Sure, the eagerness to learn how to play one depends on your child’s personality and interests. Some kids may be excited to add a new skill to their arsenal. Others may find memorizing scales and harmonies boring. However, learning an instrument isn’t just about fun. Whether they’re getting professional lessons on guitar playing or mastering the drum set, the activity has a variety of mental health and learning benefits for your kid.

Here’s why they should give this activity a try.

It Improves Motor Skills

Learning an instrument at a young age helps your kid get better at coordinating their eyes and mind with their hands, feet, and even mouth — if they play wind instruments. Developing and improving one’s motor skills is always beneficial, as it helps them in a variety of other activities, like writing, drawing and playing sports.

It Grows the Brain

A dated, but fascinating study by Harvard neurologists found that the gray matter of adult professional musicians had a larger volume than those of non-musicians. The gray matter houses most of the brain’s neurons. It’s associated with sensory perceptions like hearing, seeing, decision-making, self-control, memory, speech and emotions. It’s also the part of the brain that’s closely involved with muscle control.

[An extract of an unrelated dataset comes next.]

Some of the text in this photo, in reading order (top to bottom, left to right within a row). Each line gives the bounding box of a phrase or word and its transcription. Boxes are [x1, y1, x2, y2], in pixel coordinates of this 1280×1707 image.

The listening, timing, and coordination challenges that come with learning a musical instrument also creates multiple neural connections. The more connections, the better the brain functions. Not only will they have better control over their motor skills, but they’ll also be able to understand and memorize information better than if they didn’t learn an instrument. This helps them as they grow older because clerical skills, like problem-solving, organization, multi-tasking and time management all get developed as your kid learns how to use their instrument and create music with it.

Another paper, published in the Neuropsychology Journal, studied 70 healthy older adults. They were split into three groups: those who had been learning an instrument for over a decade, those who have been learning how to play for around one to nine years, and those who have never learned how to play an instrument. The researchers gave them neuropsychological tests.

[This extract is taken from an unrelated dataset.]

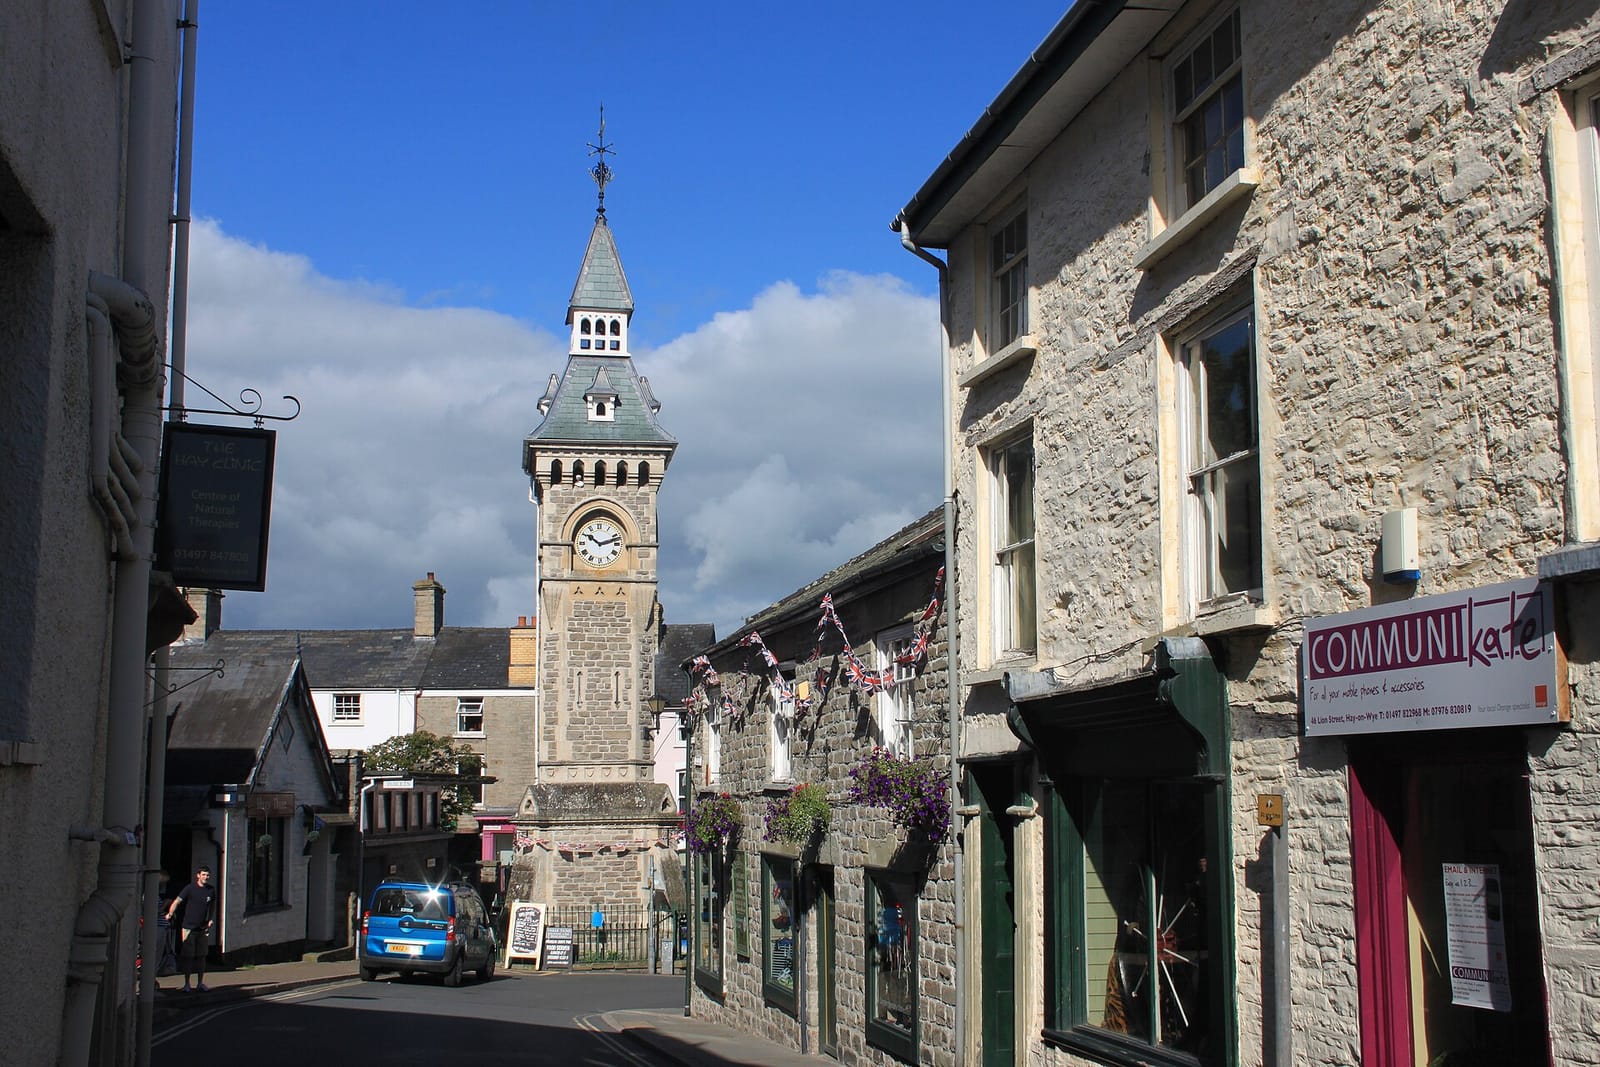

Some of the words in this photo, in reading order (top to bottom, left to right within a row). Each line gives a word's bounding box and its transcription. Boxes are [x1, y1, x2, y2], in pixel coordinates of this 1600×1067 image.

The first group scored the highest in visuospatial and nonverbal memory, understanding new information, and naming objects. Those who studied for one to nine years were in the middle. And those who haven’t tried to learn an instrument at all placed last. This implied that the more time one spent learning an instrument, the more brain benefits they gained. The author of the study suggested getting musical training before the kids even reach the age of nine and keeping the training up for about a decade or so. This is because the brain absorbs more information and makes better connections early in life.

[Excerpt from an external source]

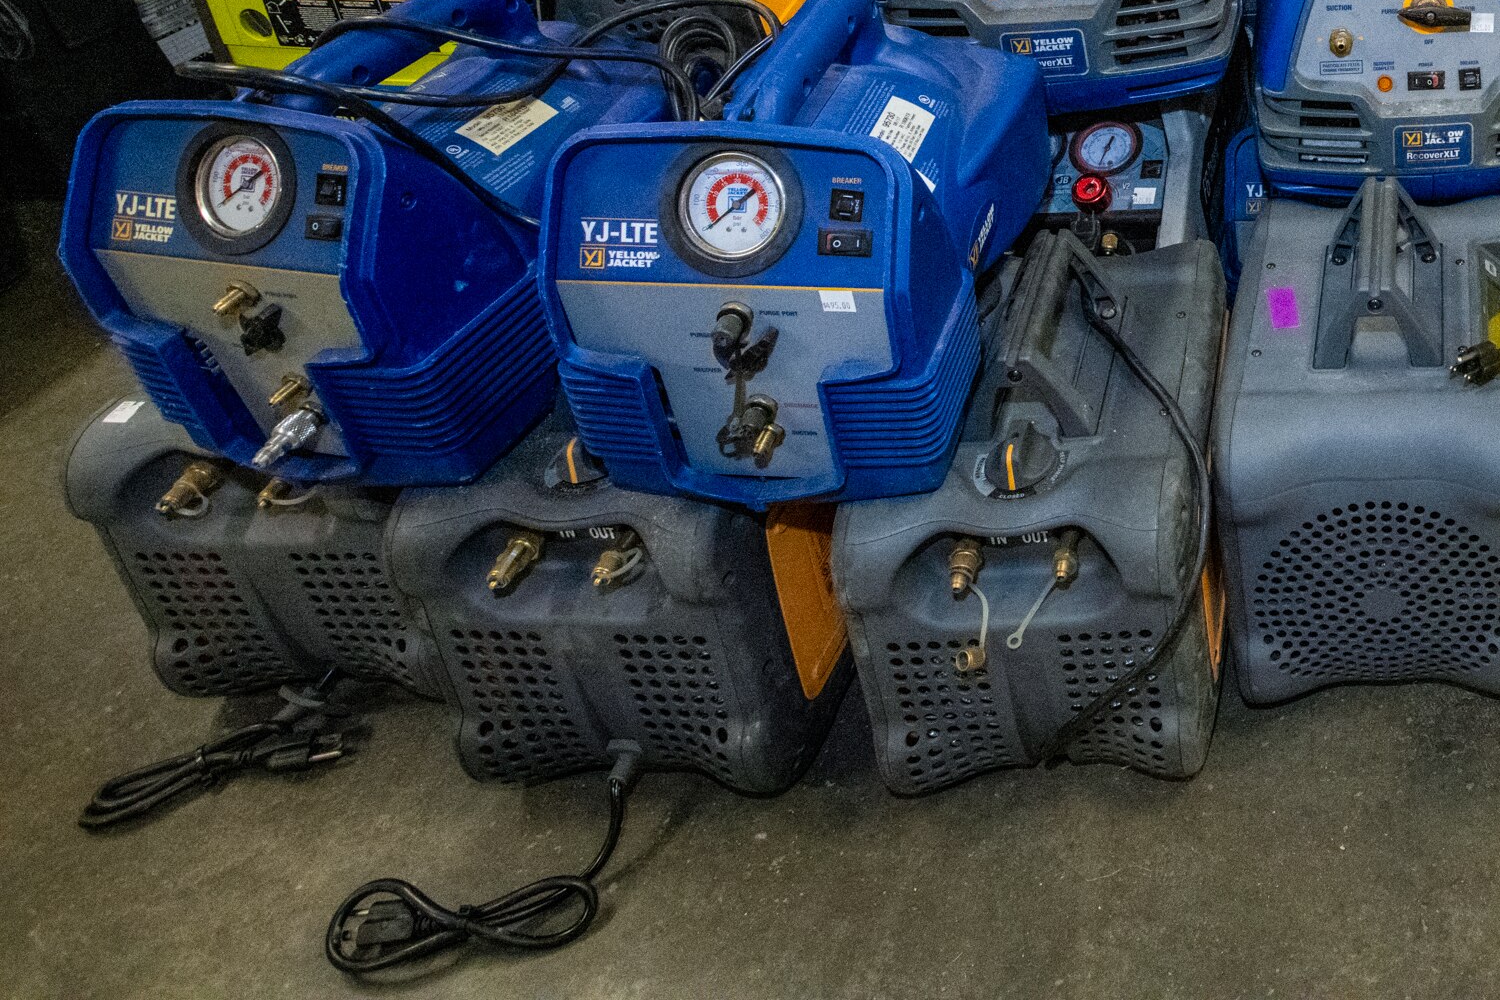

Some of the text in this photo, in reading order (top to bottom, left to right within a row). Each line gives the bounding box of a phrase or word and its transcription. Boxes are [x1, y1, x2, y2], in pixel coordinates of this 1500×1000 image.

It Teaches Discipline and Hard Work

Unless your child is a natural genius at their instrument, they won’t be great at it on their first try. They’ll have to work hard and be patient about their progress if they want to succeed with their instrument of choice. This also applies to a lot of skills in life. They need to put in their hours of practice every day if they want to be good at something.

child playing ukelele

It Boosts Confidence

Learning an instrument also improves your child’s self-esteem and confidence. Nothing can match the amazing feeling of getting better at their chosen instrument. If they perform their piece perfectly in a recital, it’s a huge confidence boost. Learning music also involves receiving and understanding feedback from their instructors and peers. This lets them learn to keep a level head in everything they do and that there’s always room for improvement.

It Helps Them Communicate

Playing an instrument encourages creativity and self-expression. The best pieces of music are mostly the ones that have a deep personal connection with their authors. Music lessons not only teach your kid how to perform technically and musically great pieces, but they also encourage them to create their own compositions. If your child has trouble communicating their emotions, they might end up expressing it their way through their own music.

Learning an instrument isn’t just a stay-at-home pasttime for your kid. Music lessons have a wide variety of cognitive and mental health benefits that stick with your child as they grow up. Whether they want to go all out with rock music or keep it smooth with jazz, your kid is sure to develop these advantages while having fun performing their favorite compositions.